The median duration of complete response was 37.8 months (95% CI, 24.1-NE), with a 24-month duration of complete response event-free rate of 63.9% (95% CI, 51.4%-76.4%). The median progression-free survival (PFS) was 12.3 months (95% CI, 8.8-27.7) with a 24-month PFS event-free rate of 41.8% (95% CI, 32.2%-51.5%).
Safety Profile and Adverse Events
The safety signals were consistent with the known profiles of the individual treatments. Glofitamab is associated with cytokine release syndrome (CRS) and cytopenias, while polatuzumab vedotin can cause peripheral neuropathy.
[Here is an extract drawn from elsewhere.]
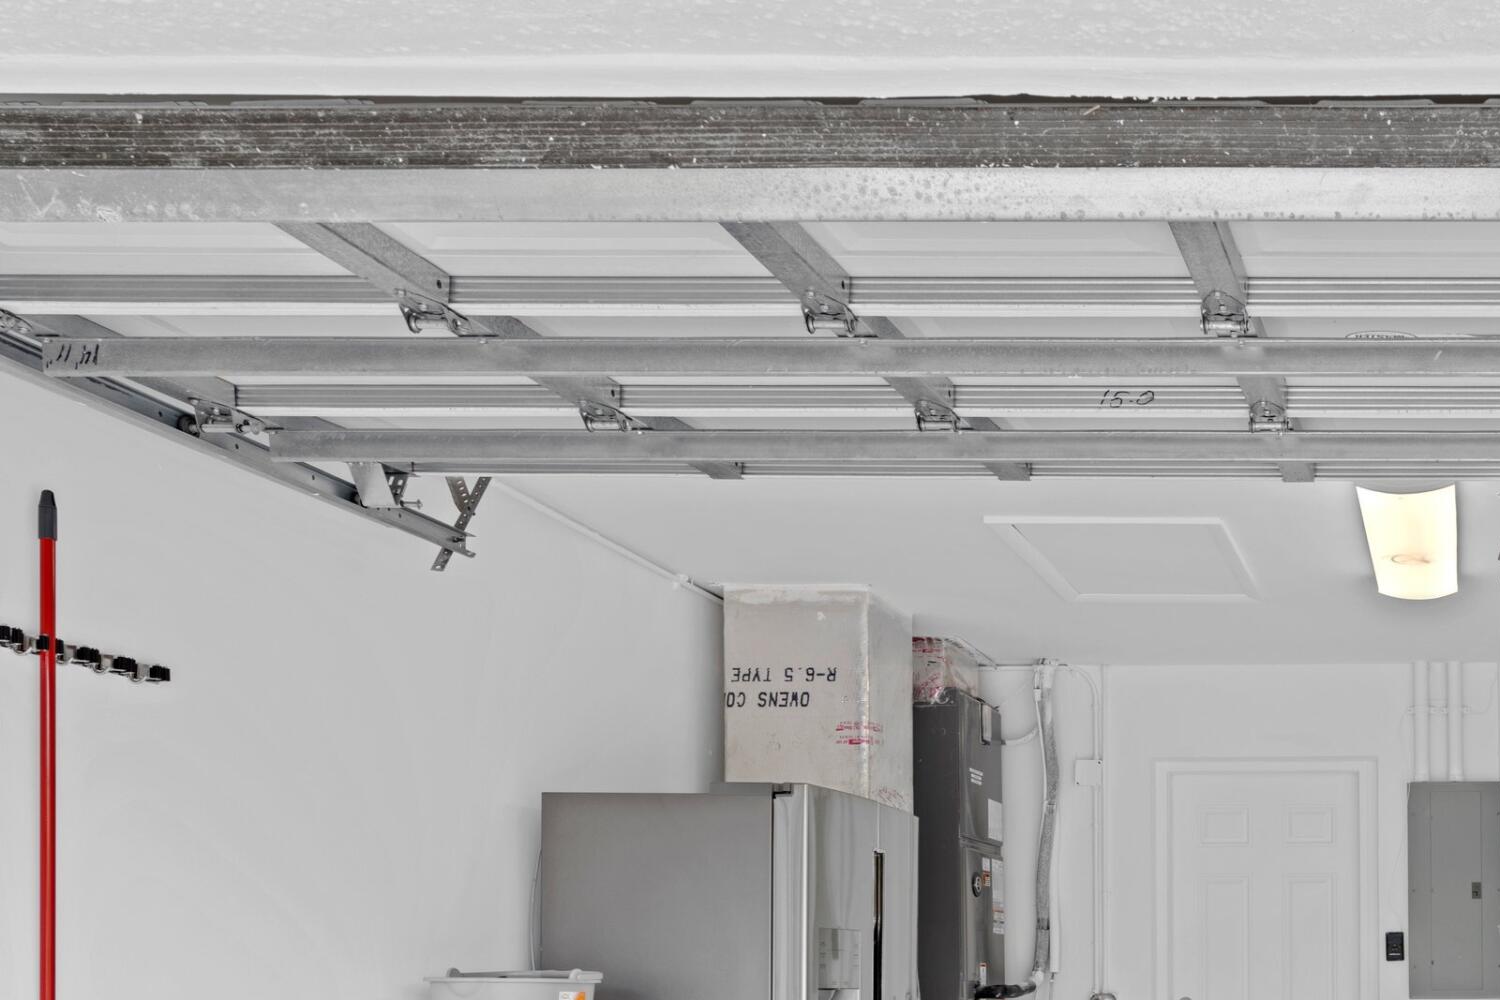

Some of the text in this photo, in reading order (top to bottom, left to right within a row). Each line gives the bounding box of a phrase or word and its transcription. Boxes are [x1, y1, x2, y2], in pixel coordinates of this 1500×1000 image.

[731, 667, 838, 683] R-6.5 TYPE
[757, 691, 811, 708] OWENS
Hutchings stated, "We saw no signs of synergistic toxicity between these two drugs, but we did see the additive effects of the components."
Adverse events (AEs) occurred in 99.2% (n = 128) of patients, with 58.9% (n = 76) being grade 3-4. There were 12 (9.3%) grade 5 AEs. "Out of the 7 fatal infections, 5 of those were COVID," Hutchings noted, reminding the audience that the study was conducted during the height of the COVID pandemic.
CRS occurred in 44% of patients, which Hutchings indicated is consistent with glofitamab monotherapy after the introduction of compulsory dexamethasone pretreatment. These events were mainly low grade and resolved within approximately 2 days.
Study Design and Mechanism of Action
Glofitamab, a CD20xCD3 bispecific antibody, redirects T cells to eliminate B cells. Polatuzumab vedotin, an antibody-drug conjugate targeting CD79b on B cells, complements glofitamab's mechanism of action.
The study included patients with DLBCL, high-grade B-cell lymphoma, transformed follicular lymphoma, or primary mediastinal LBCL who had an ECOG performance status of 0-2 and had received at least one prior therapy, including an anti-CD20 antibody and CAR T-cell therapy.
To mitigate CRS risk, patients received 1000 mg of obinutuzumab pretreatment on Cycle 1 Day 1, seven days before the first glofitamab dose. Polatuzumab vedotin was administered at 1.8 mg/kg on Cycle 1 Day 2 and Day 1 of Cycles 2 through 6. Glofitamab was given as a step-up dose, with 2.5 mg on Cycle 1 Day 8 and 10 mg on Cycle 1 Day 15, followed by the target dose of 30 mg on Day 1 of Cycles 2 to 12. Treatment continued for six cycles of polatuzumab vedotin and 12 cycles of glofitamab unless discontinued due to toxicity, disease progression, or withdrawal.
The primary endpoint of the study was ORR, in addition to determining the optimal dose of glofitamab in this combination.
Glofitamab with salvage chemoimmunotherapy
Bispecific antibodies are a novel immunotherapy for patients diagnosed with R/R DLBCL. They act by bringing T-cells in proximity to the malignant B cells, leading to T-cell mediated cytotoxicity. The current phase 1b study, presented at the 2024 American Society of Hematology meeting, was aimed at evaluating the safety and response rates of the combination of glofitamab with chemoimmunotherapy, including rituximab, ifosfamide, carboplatin and etoposide (glofitamab-R-ICE).
Interim analysis showed ORR (CMR or PMR) of 78.1% (95% CI: 60.0 - 90.7) and a CMR rate of 68.8% (95% CI: 50.0 - 83.9) (N = 32). Among the patients who had one or more doses of any study treatment, the most common adverse event (AE) was cytokine release syndrome (CRS), grades 1 and 2, with no grade 3 CRS and no immune effector cell-associated neurotoxicity syndrome (ICANS) events reported. Grade 3 and 4 AEs occurred in 61.0% of patients, and no fatal AEs were reported.